Real-Legende Guti: «Ein Bordell-Foto und ich trete zurück»

pat

18.2.2020 - 17:30

Guti ist inzwischen Trainer von Almeria, früher spielte er für Real Madrid und bekam es auch mit Messi zu tun (Kreis).
Bild: Keystone

Almeria-Coach José Maria Gutiérrez Hernández, besser bekannt unter dem Namen Guti, reagiert angesäuert auf Gerüchte, wonach er mit seiner Mannschaft im Bordell gewesen sein soll.

Der Trainer vom spanischen Zweitligisten Almeria lässt sich die Bordell-Besuch-Gerüchte, die in Spanien die Runde machen, nicht einfach so gefallen. Einem spanischen Radiosender sagt er, dass er der Gerüchte wegen mit seiner Familie eine schwierige Zeit durchmache: «Es ist traurig, dass so eine Nachricht in ganz Spanien die Runde macht, nur weil irgendjemand es gesagt hat.» Der 43-Jährige weiter: «Zeigt mir ein Foto von mir im Nachtclub und ich trete sofort zurück!»

Guti zu sein, sei nicht immer einfach. Er spricht gar von einer Bürde. Guti war in Madrid eine Institution, gewann mit Real fünfmal die spanische Meisterschaft und dreimal die Champions League.

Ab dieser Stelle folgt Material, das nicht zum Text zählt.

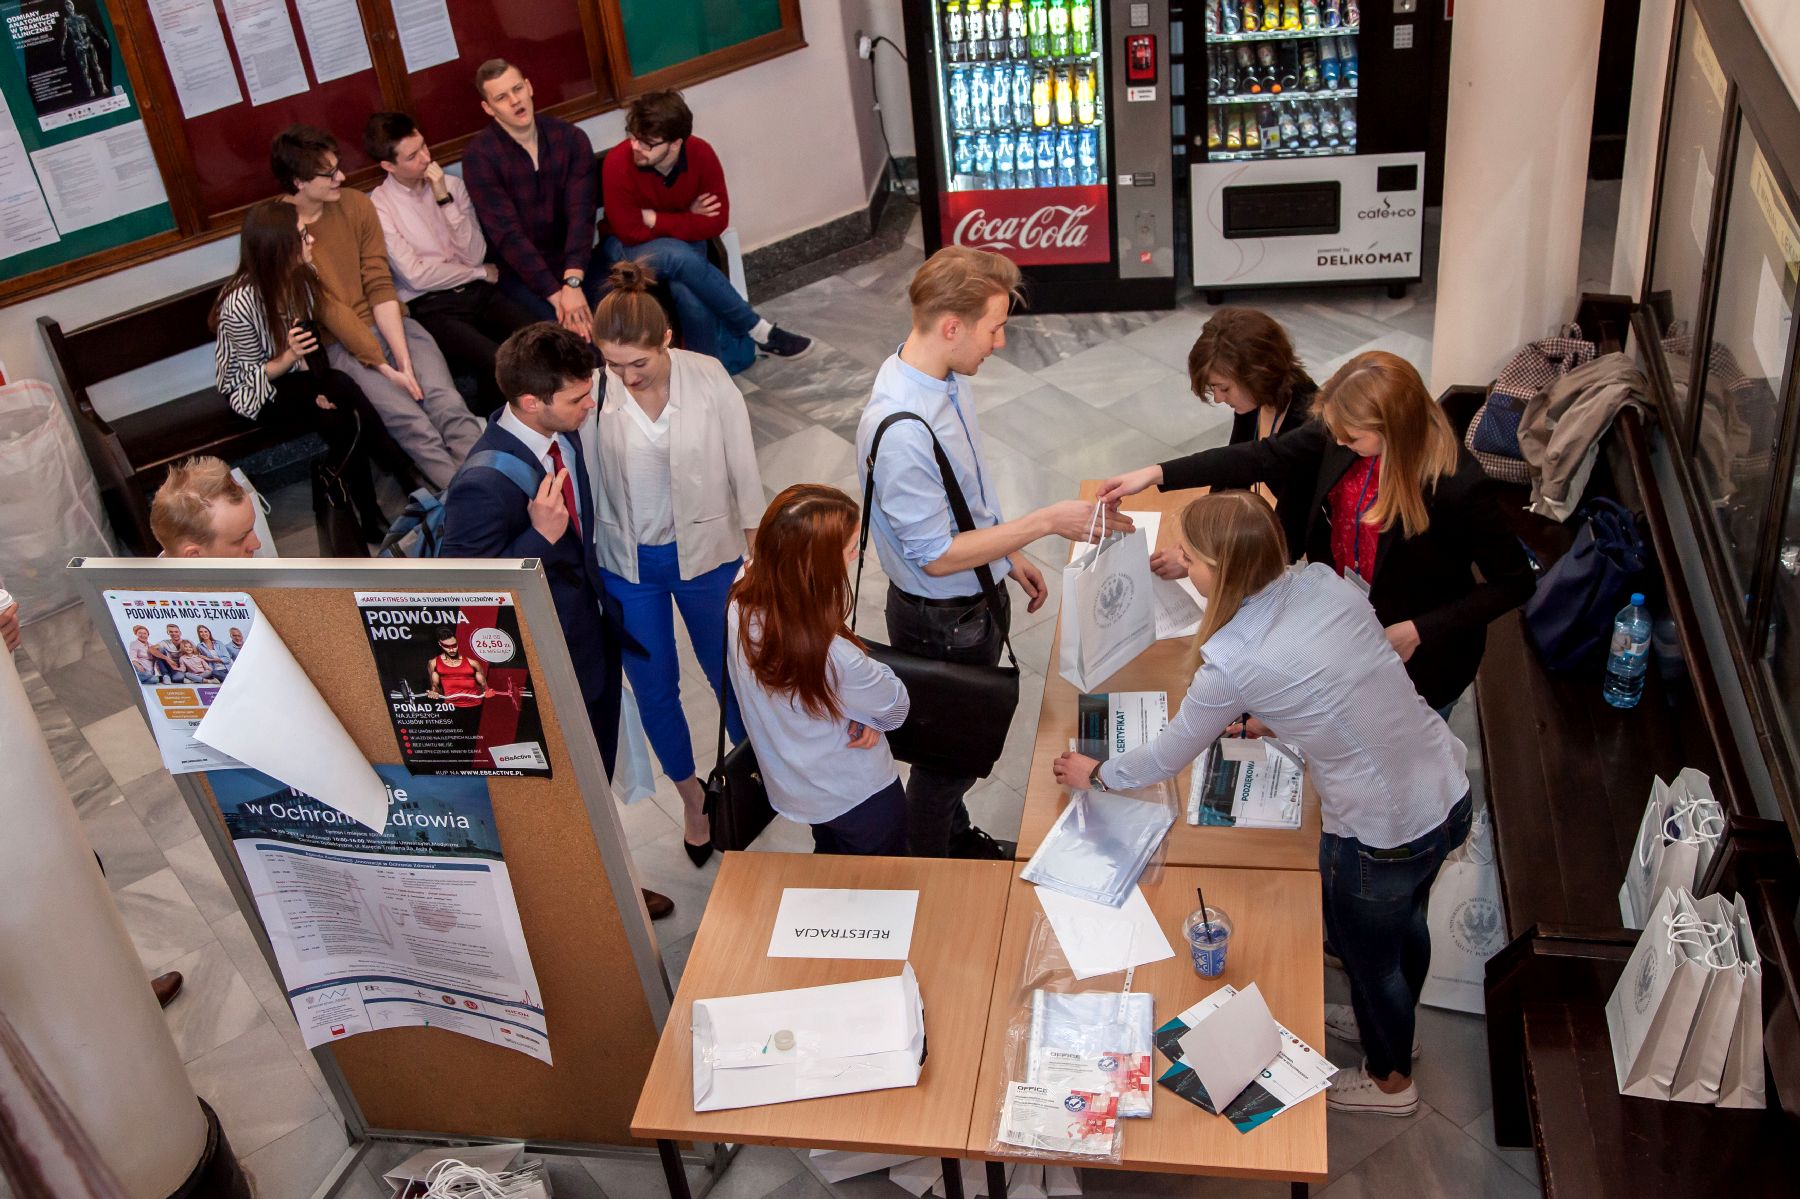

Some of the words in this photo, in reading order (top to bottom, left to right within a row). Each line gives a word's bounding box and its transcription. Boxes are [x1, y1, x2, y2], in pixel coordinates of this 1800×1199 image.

[6, 11, 39, 23] ODMIANY
[9, 11, 60, 29] ANATOMICZNE
[19, 19, 56, 31] PRAKTYCE
[12, 25, 53, 39] KLINICZNEJ
[953, 205, 1096, 250] Coca-Cola
[125, 607, 178, 619] PODWÓJNA
[179, 608, 201, 619] MOC
[201, 607, 250, 620] JĘZYKÓW!
[365, 607, 470, 624] PODWÓJNA
[370, 627, 412, 640] MOC
[393, 703, 433, 712] PONAD
[435, 703, 456, 712] 200
[1116, 710, 1125, 754] CERTYFIKAT
[1241, 760, 1255, 801] PODZIĘKOWA
[243, 802, 263, 815] w
[269, 803, 357, 824] Ochron
[386, 809, 470, 829] drowia
[794, 928, 890, 939] REJESTRACJA
[1050, 1051, 1081, 1060] OFFICE
[1017, 1085, 1048, 1093] OFFICE

Er durchlief die Jugendabteilungen bei den Königlichen und trug das Trikot der ersten Mannschaft von 1995 bis 2010. Nach seiner Zeit bei Real hängte er noch eine Saison in der Türkei bei Besiktas Istanbul an. 14-mal durfte er für die spanische Nationalmannschaft auflaufen. Im November 2011 beendete Guti seine äusserst erfolgreiche Karriere als Spieler.

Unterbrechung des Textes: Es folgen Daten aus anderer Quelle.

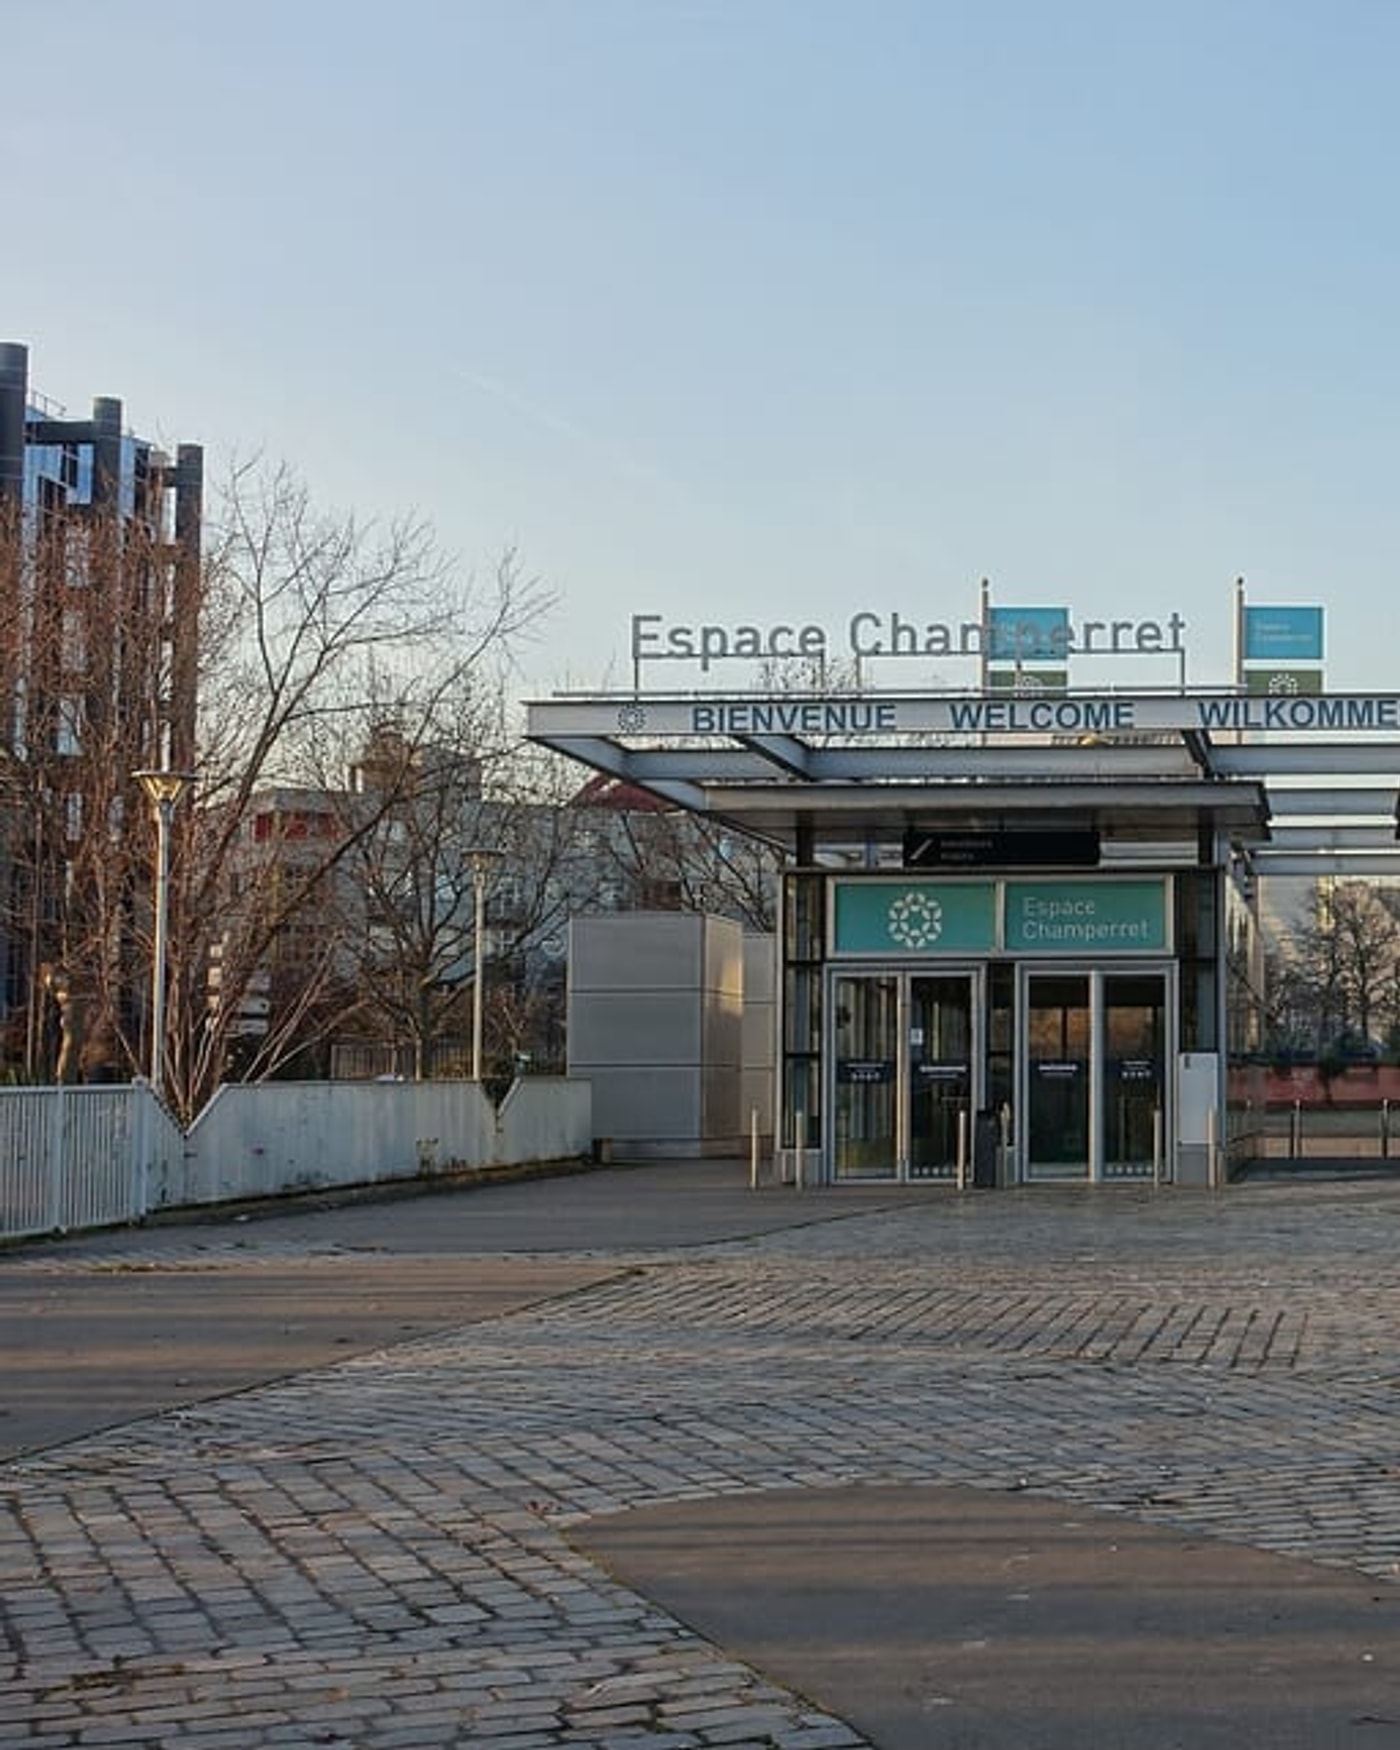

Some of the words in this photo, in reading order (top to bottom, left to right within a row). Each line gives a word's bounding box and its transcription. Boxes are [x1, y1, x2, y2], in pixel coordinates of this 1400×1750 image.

Trophäenhamsterer: Im Jahr 2010 verabschiedet sich Guti aus Madrid.
Bild: Keystone

Guti will auch als Trainer erfolgreich sein

Seine Trainerkarriere startete Guti in der Saison 13/14 bei der U17 von Real Madrid, wo er in den folgenden Jahren verschiedene U-Auswahlen coachte. Zwischenzeitlich war er sogar mal Feuerwehrmann bei der ersten Mannschaft.

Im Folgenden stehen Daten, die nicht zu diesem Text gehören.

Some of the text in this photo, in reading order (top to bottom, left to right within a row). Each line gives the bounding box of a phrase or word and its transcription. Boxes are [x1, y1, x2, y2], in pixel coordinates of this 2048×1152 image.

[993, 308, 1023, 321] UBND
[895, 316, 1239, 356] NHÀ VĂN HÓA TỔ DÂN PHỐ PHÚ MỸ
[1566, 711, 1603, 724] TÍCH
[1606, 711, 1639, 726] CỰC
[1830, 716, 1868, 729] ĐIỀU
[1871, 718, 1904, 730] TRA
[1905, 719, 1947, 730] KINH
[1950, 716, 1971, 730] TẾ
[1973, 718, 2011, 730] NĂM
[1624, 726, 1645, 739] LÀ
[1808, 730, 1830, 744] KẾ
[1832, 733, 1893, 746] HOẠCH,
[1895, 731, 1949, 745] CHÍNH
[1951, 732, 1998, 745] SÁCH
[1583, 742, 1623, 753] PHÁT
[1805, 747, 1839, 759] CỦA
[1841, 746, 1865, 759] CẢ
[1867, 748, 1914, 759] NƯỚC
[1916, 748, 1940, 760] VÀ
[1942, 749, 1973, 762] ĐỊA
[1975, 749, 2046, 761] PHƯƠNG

Seit November ist Guti Trainer bei UD Almeria, zuvor war er ein Jahr Assistenztrainer bei Besiktas. Dass nun sein Name beschmutzt wird, erzürnt die Real-Legende. Er führe ein geregeltes Leben. Selbstredend will er mit seinen Teams auf dem Platz für Schlagzeilen sorgen und nicht mit angeblichen Puff-Besuchen. Aktuell gäbe es auch genügend Gründe, das Sportliche in den Fokus zu rücken. Almeira ist im 3. Rang klassiert und darf vom Aufstieg in die erste Liga träumen.